**PROMPT:**
All entries below must be written out verbatim, and the images must be dropped.

**ENTRIES SUPPLIED:**

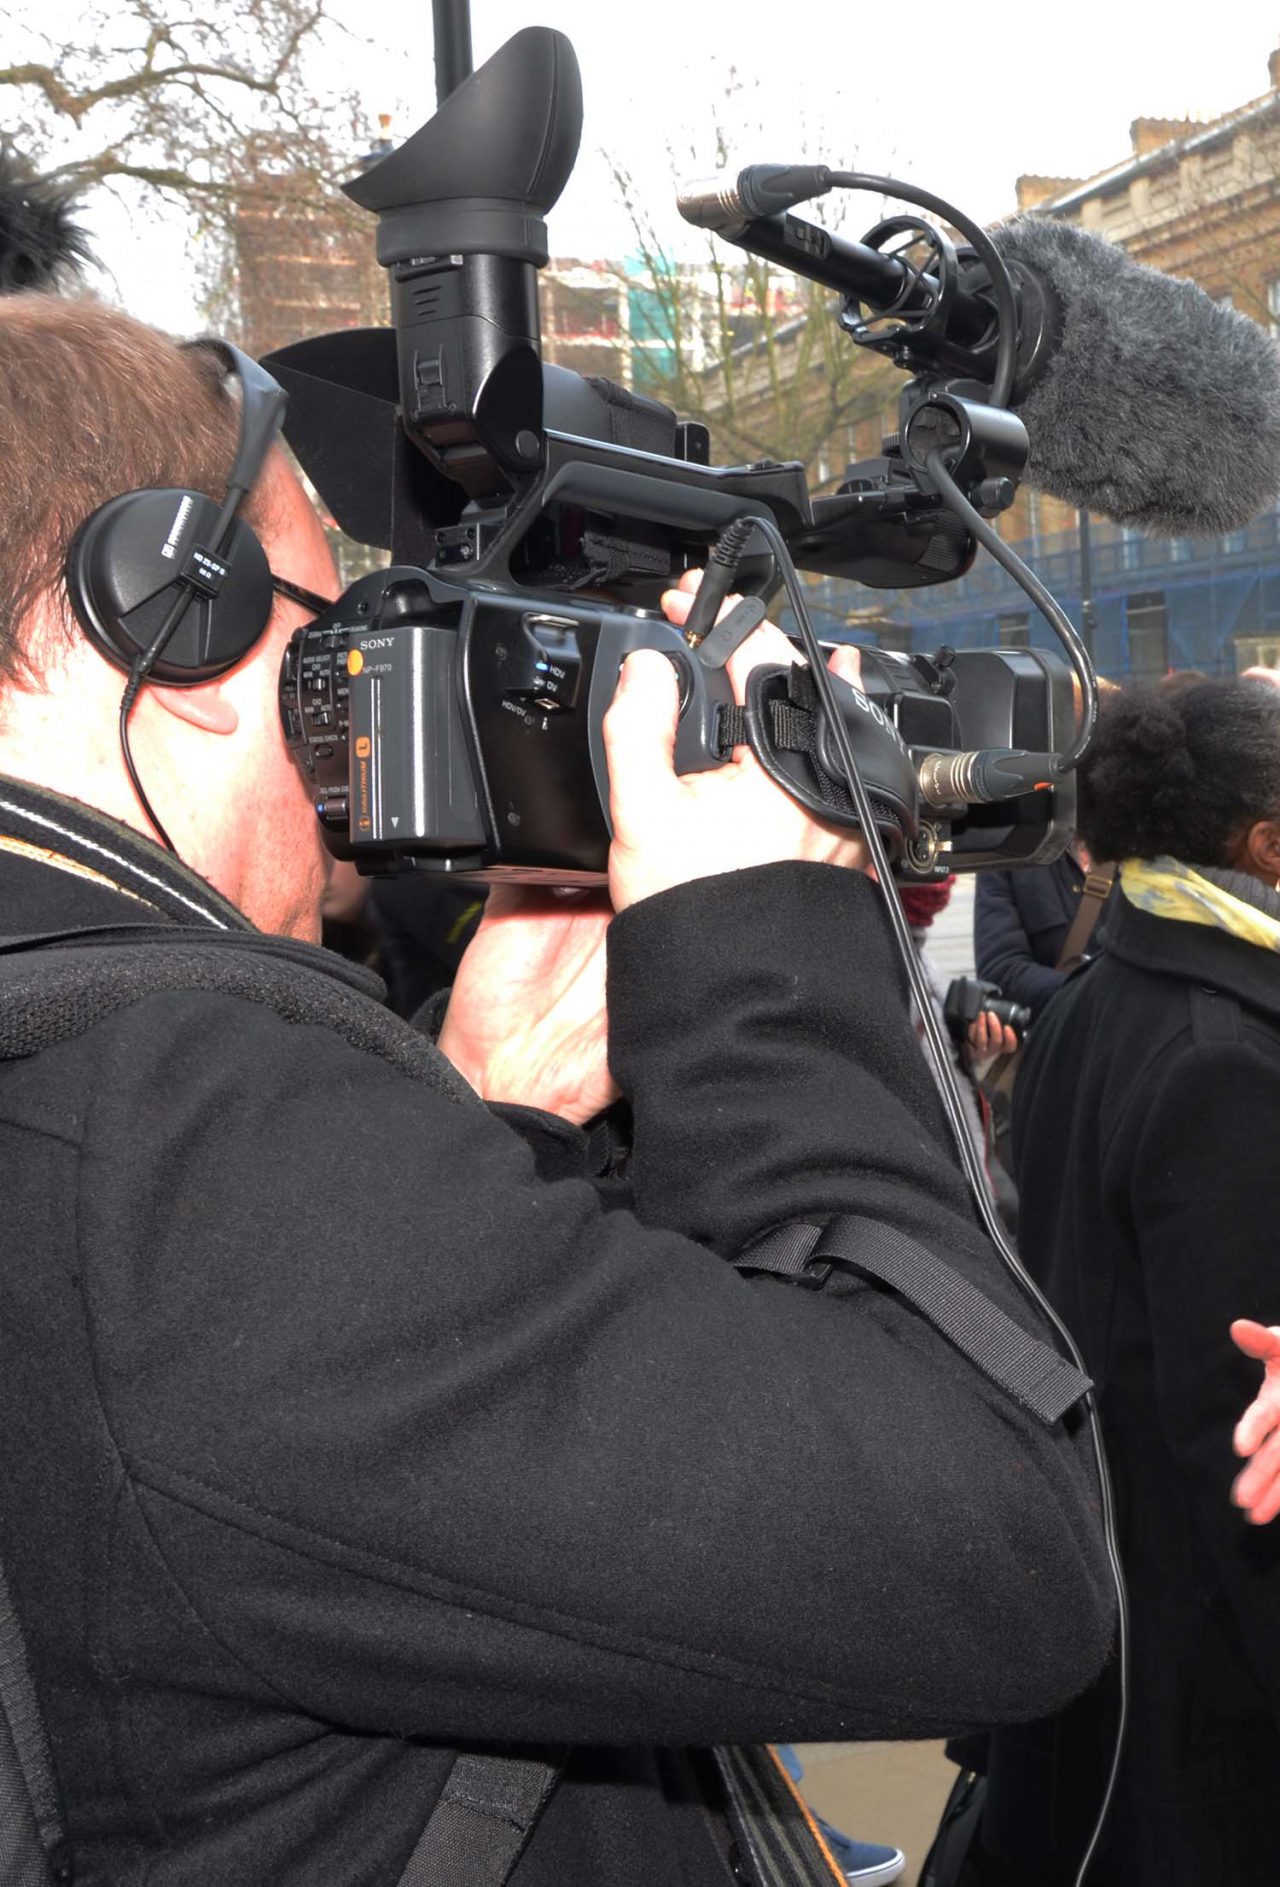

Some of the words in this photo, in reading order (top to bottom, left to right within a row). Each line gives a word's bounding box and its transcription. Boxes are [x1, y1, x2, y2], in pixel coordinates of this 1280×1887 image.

[360, 637, 395, 650] SONY
[549, 666, 566, 679] HDV
[546, 680, 558, 693] DV
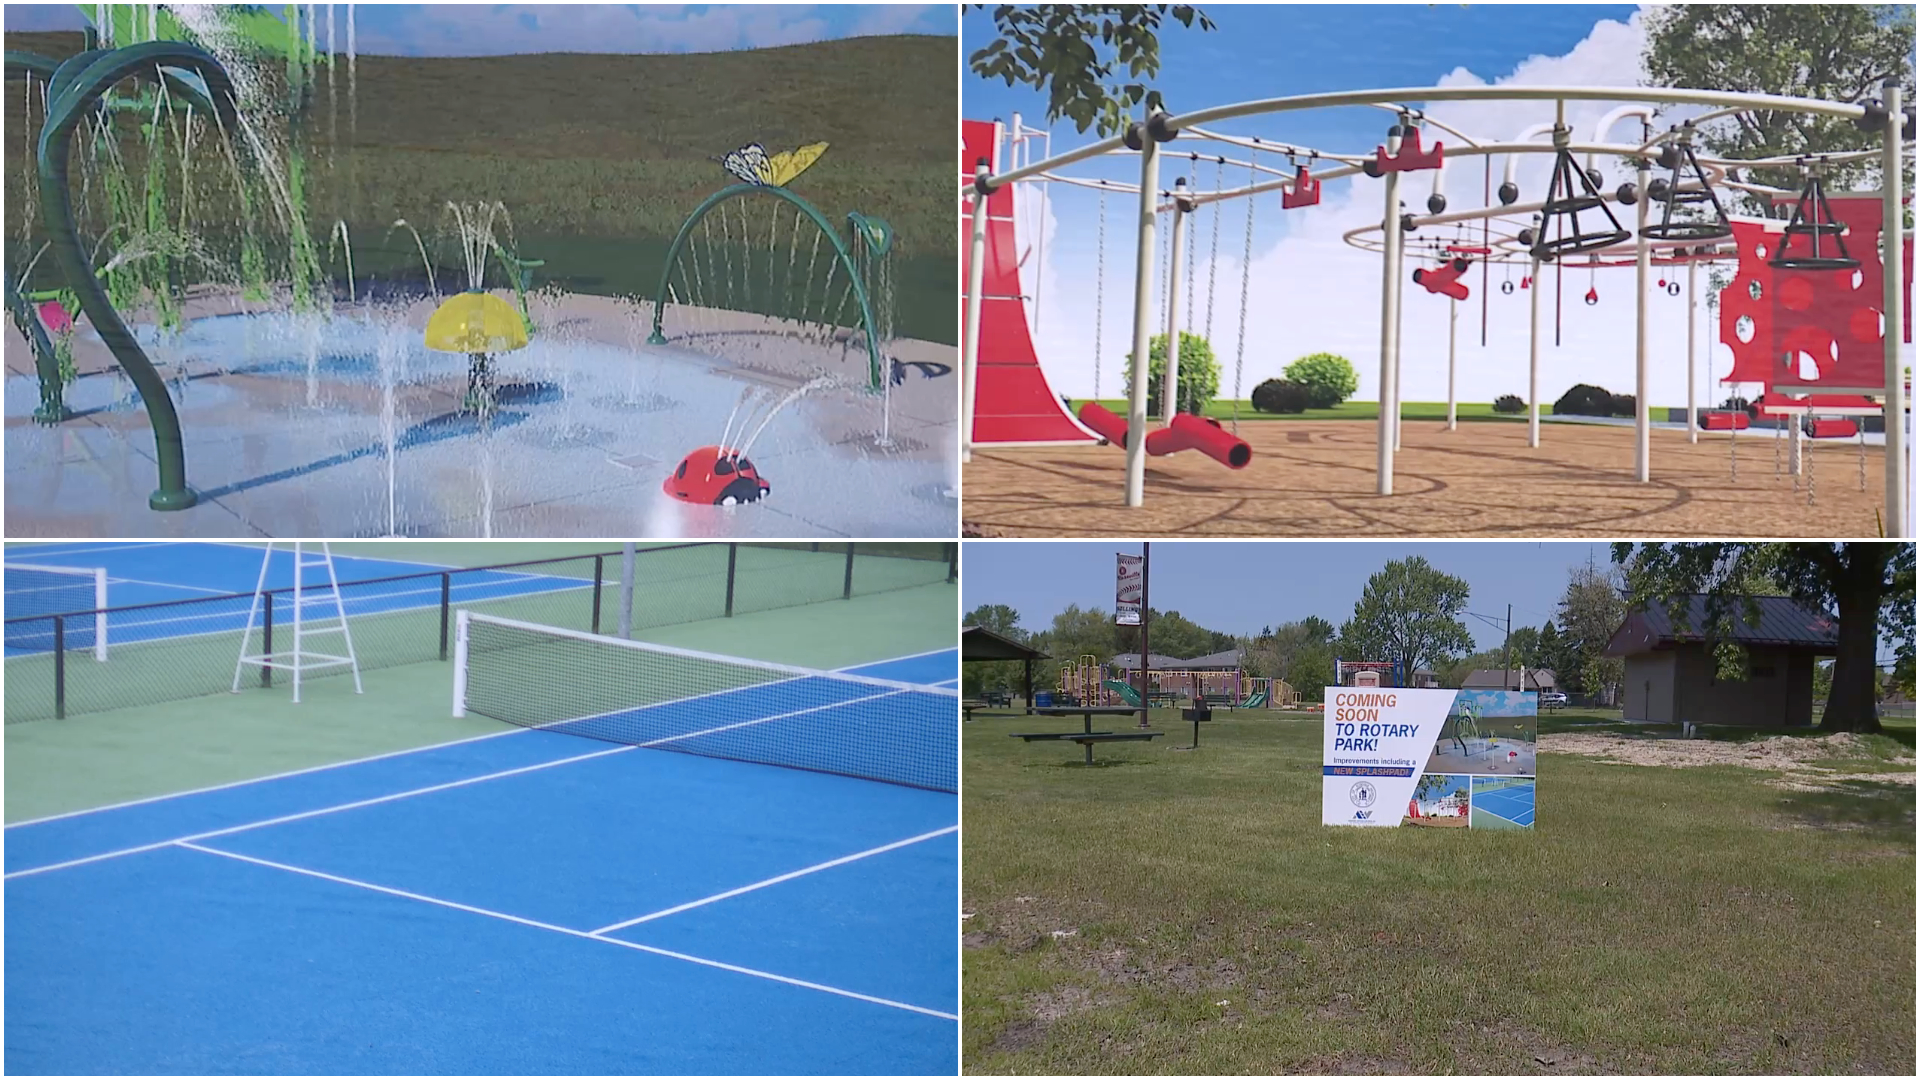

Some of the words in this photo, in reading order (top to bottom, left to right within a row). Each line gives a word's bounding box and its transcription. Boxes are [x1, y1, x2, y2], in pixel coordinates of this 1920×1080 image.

[1336, 693, 1397, 707] COMING
[1335, 708, 1379, 722] SOON
[1336, 723, 1355, 736] TO
[1359, 723, 1419, 738] ROTARY
[1334, 738, 1378, 751] PARK!
[1333, 757, 1379, 765] Improvements
[1381, 758, 1410, 766] including
[1333, 767, 1354, 775] NEW
[1355, 767, 1410, 776] SPLASHPAD!
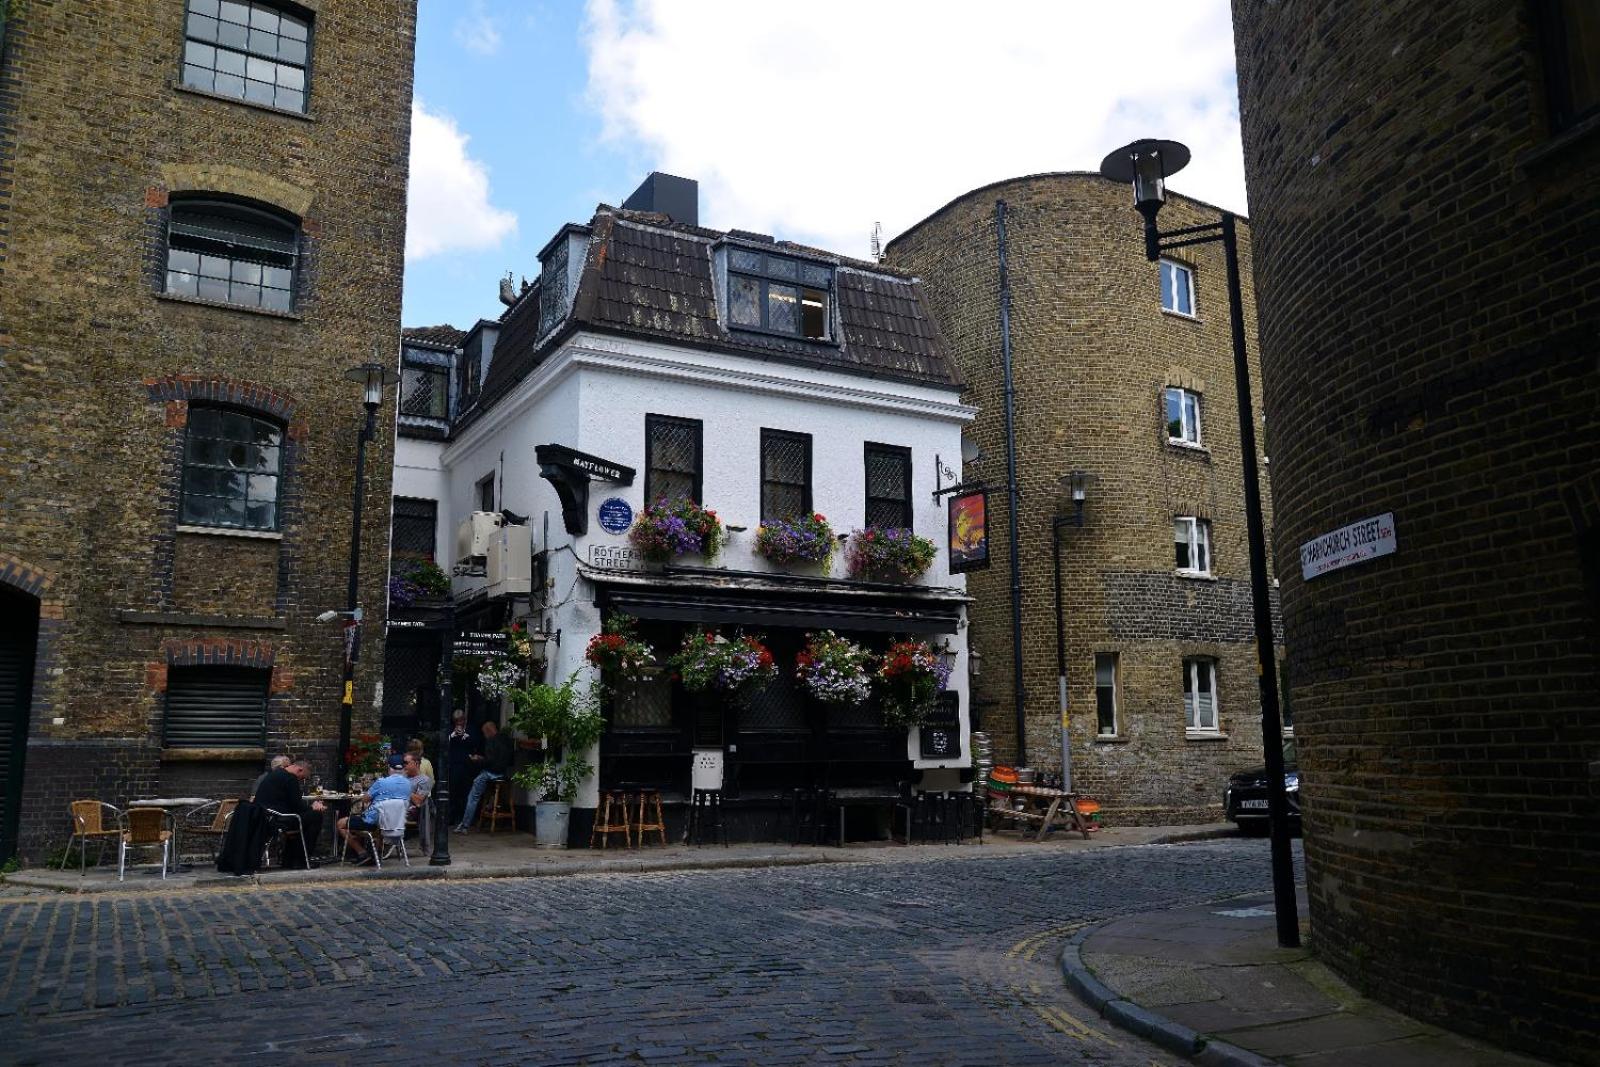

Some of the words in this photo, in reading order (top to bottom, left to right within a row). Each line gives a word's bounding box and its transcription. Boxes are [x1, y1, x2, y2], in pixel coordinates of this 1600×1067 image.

[573, 458, 621, 478] MAYFLOWER
[1352, 519, 1380, 547] STREET
[594, 547, 641, 560] ROTHERH
[594, 558, 631, 568] STREET
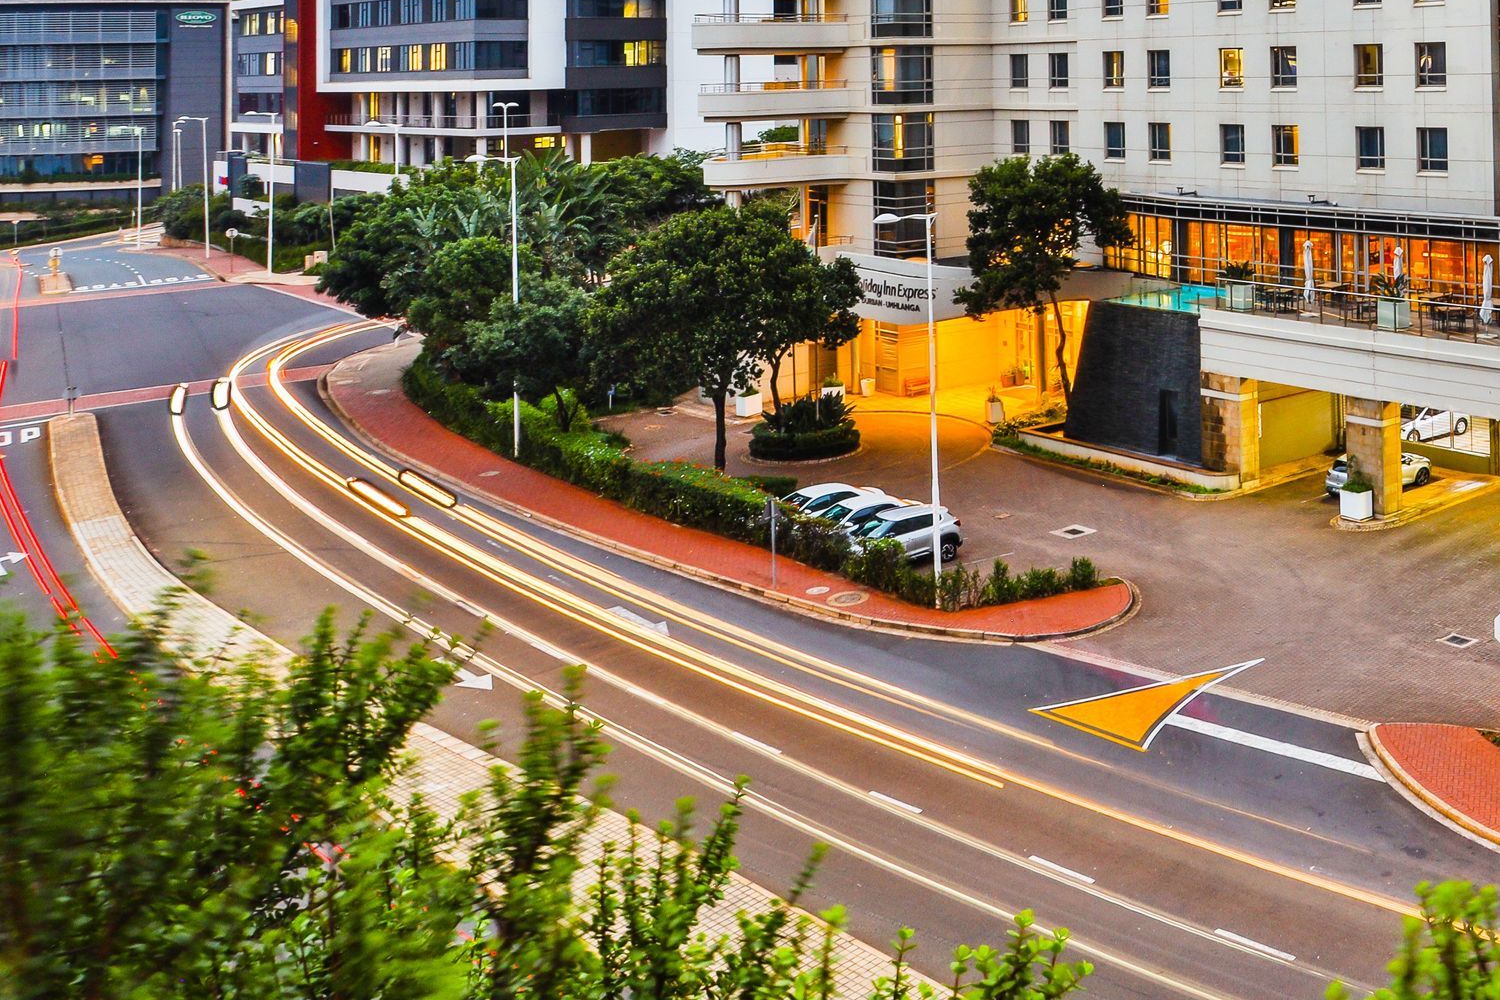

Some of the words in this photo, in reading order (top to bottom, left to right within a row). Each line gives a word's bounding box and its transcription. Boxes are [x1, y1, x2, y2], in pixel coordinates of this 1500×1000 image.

**ANSWER TO THIS EXERCISE:**
Some of the words in this photo, in reading order (top to bottom, left to right within a row). Each line gives a word's bounding box and its transcription. Boxes are [x1, y1, x2, y2], in pixel coordinates of this 1280×1887 image.

[360, 637, 395, 650] SONY
[549, 666, 566, 679] HDV
[546, 680, 558, 693] DV

Some of the words in this photo, in reading order (top to bottom, left to right within a row). Each line gives a word's bounding box and its transcription. Boxes are [x1, y1, x2, y2], in pixel coordinates of this 1920×1080 image.

[1336, 693, 1397, 707] COMING
[1335, 708, 1379, 722] SOON
[1336, 723, 1355, 736] TO
[1359, 723, 1419, 738] ROTARY
[1334, 738, 1378, 751] PARK!
[1333, 757, 1379, 765] Improvements
[1381, 758, 1410, 766] including
[1333, 767, 1354, 775] NEW
[1355, 767, 1410, 776] SPLASHPAD!

Some of the words in this photo, in reading order (top to bottom, left to right within a row). Each line gives a word's bounding box and its transcription. Boxes are [x1, y1, x2, y2], in pixel coordinates of this 1600×1067 image.

[573, 458, 621, 478] MAYFLOWER
[1352, 519, 1380, 547] STREET
[594, 547, 641, 560] ROTHERH
[594, 558, 631, 568] STREET

Some of the words in this photo, in reading order (top to bottom, left to right within a row). Each line gives a word's bounding box and its transcription. Boxes are [x1, y1, x2, y2], in pixel coordinates of this 1500×1000 image.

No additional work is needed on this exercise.